A command-line tool for converting SAM/BAM files of reads, or .tsv/tsv.gz files of fragments, into either stranded or unstraded basepair resolution bigWig files. By default, only the 5' end of reads are mapped (not the full span of the read) and these bigWig file(s) contain the integer count of reads mapping to each basepair. Optionally, both the 3' and 5' of the entry can be mapped if they correspond to fragments, such as from ATAC-seq experiments. As a convenience, the starts and ends can be shifted (e.g., to account for Tn5 bias), a scaling factor can be used to multiply the mapped counts at each basepair, and read depth normalization can be applied to make the sum across the bigWigs be equal to 1. When a scaling factor and read depth normalization are used together, the sum across the two bigWigs is equal to the scaling factor.
bam2bw
does not produce any intermediary files and can even stream SAM/BAM files remotely (but not .tsv/.tsv.gz). This means that you can go directly from finding a SAM/BAM file somewhere on the internet to the bigWig files used to train ML programs without several time-consuming steps.
usage: bam2bw [-h] -s SIZES [-u] [-f] [-ps POS_SHIFT] [-ns NEG_SHIFT] [-sf SCALE_FACTOR] [-r] -n NAME [-z ZOOMS] [-v] filename [filename ...]
This tool will convert BAM files to bigwig files without an intermediate.
positional arguments:
filename The SAM/BAM or tsv/tsv.gz file to be processed.
options:
-h, --help show this help message and exit
-s SIZES, --sizes SIZES
A chrom_sizes or FASTA file.
-u, --unstranded Have only one, unstranded, output.
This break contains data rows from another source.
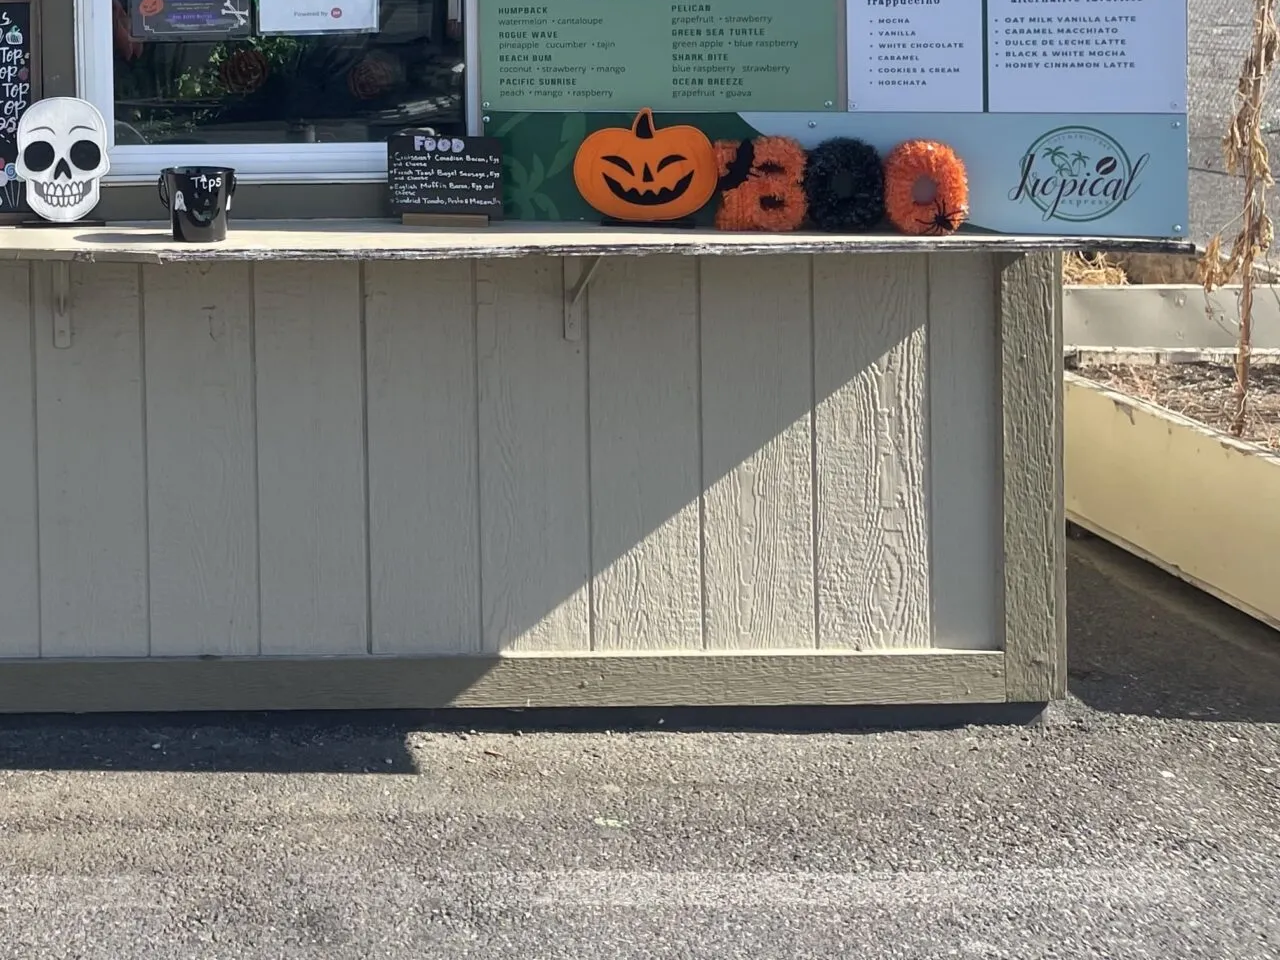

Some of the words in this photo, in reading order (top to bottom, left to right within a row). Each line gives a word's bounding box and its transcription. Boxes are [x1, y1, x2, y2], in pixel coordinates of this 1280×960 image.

[672, 28, 702, 36] GREEN
[706, 28, 724, 36] SEA
[729, 28, 765, 36] TURTLE
[0, 47, 23, 65] Top
[672, 53, 703, 61] SHARK
[708, 53, 728, 61] BITE
[2, 83, 29, 101] Top
[414, 136, 465, 152] FOOD
[190, 174, 222, 192] Tips
[714, 135, 970, 235] BOO
[1008, 153, 1150, 221] Tropical
-f, --fragments The data is fragments and so both ends should be recorded.
-ps POS_SHIFT, --pos_shift POS_SHIFT
A shift to apply to positive strand reads.
-ns NEG_SHIFT, --neg_shift NEG_SHIFT
A shift to apply to negative strand reads.
-sf SCALE_FACTOR, --scale_factor SCALE_FACTOR
A scaling factor to multiply each position by.
-r, --read_depth Whether to divide through by total (pre-scaled) read depth.
-n NAME, --name NAME
-z ZOOMS, --zooms ZOOMS
The number of zooms to store in the bigwig.
-v, --verbose
pip install bam2bw
These timings involve the processing of https://www.encodeproject.org/files/ENCFF638WXQ/ which has slightly over 70M reads. Local means applied to a file that was already downloaded, and remote means including the downloading time.
bam2bw (local): 2m10s
bam2bw (remote): 4m50s
existing pipeline (local): 18m5s
(1) On a local file:
bam2bw my.bam -s hg38.chrom.sizes -n test-run -v
(2) On several local files:
bam2bw my1.bam my2.bam my3.bam -s hg38.chrom.sizes -n test-run -v
(3) On a remote file:
bam2bw https://path/to/my.bam -s hg38.chrom.sizes -n test-run -v
(4) On several remote files:
bam2bw https://path/to/my1.bam https://path/to/my2.bam https://path/to/my3.bam -s hg38.chrom.sizes -n test-run -v
Each will return two bigWig files: test-run.+.bw
and test-run.-.bw
. When multiple files are passed in their reads are concatenated without the need to produce an intermediary file of concatenated reads.
(5) When wanting a single unstranded bigWig:
bam2bw my.bam -s hg38.chrom.sizes -n test-run -v -u
(6) When wanting to map fragments (and get a single unstranded bigWig):
bam2bw fragments.tsv.gz -s hg38.chrom.sizes -n test-run -v -f -u
(7) With a FASTA instead of a .chrom.sizes:
bam2bw my.bam -s hg38.fa -n test-run -v
(8) When wanting to normalize by read depth such that the sum across both bigWigs is equal to 1.
bam2bw my.bam -s hg38.chrom.sizes -n test-run -v -r
(9) When wanting to normalize by read depth such that the sum across both bigWigs is equal to 1,000,000.
bam2bw my.bam -s hg38.chrom.sizes -n test-run -v -r -sf 1000000
This tool is meant specifically to replace the following pipeline which produces several large intermediary files:
wget https://path/to/my.bam -O my.bam
samtools sort my.bam -o my.sorted.bam
bedtools genomecov -5 -bg -strand + -ibam my.sorted.bam | sort -k1,1 -k2,2n > my.+.bedGraph
bedtools genomecov -5 -bg -strand - -ibam my.sorted.bam | sort -k1,1 -k2,2n > my.-.bedGraph
bedGraphToBigWig my.+.bedGraph hg38.chrom.sizes my.+.bw
bedGraphToBigWig my.-.bedGraph hg38.chrom.sizes my.-.bw
v0.3.2
======
- Added -sf which is a scale factor that multiplies each position.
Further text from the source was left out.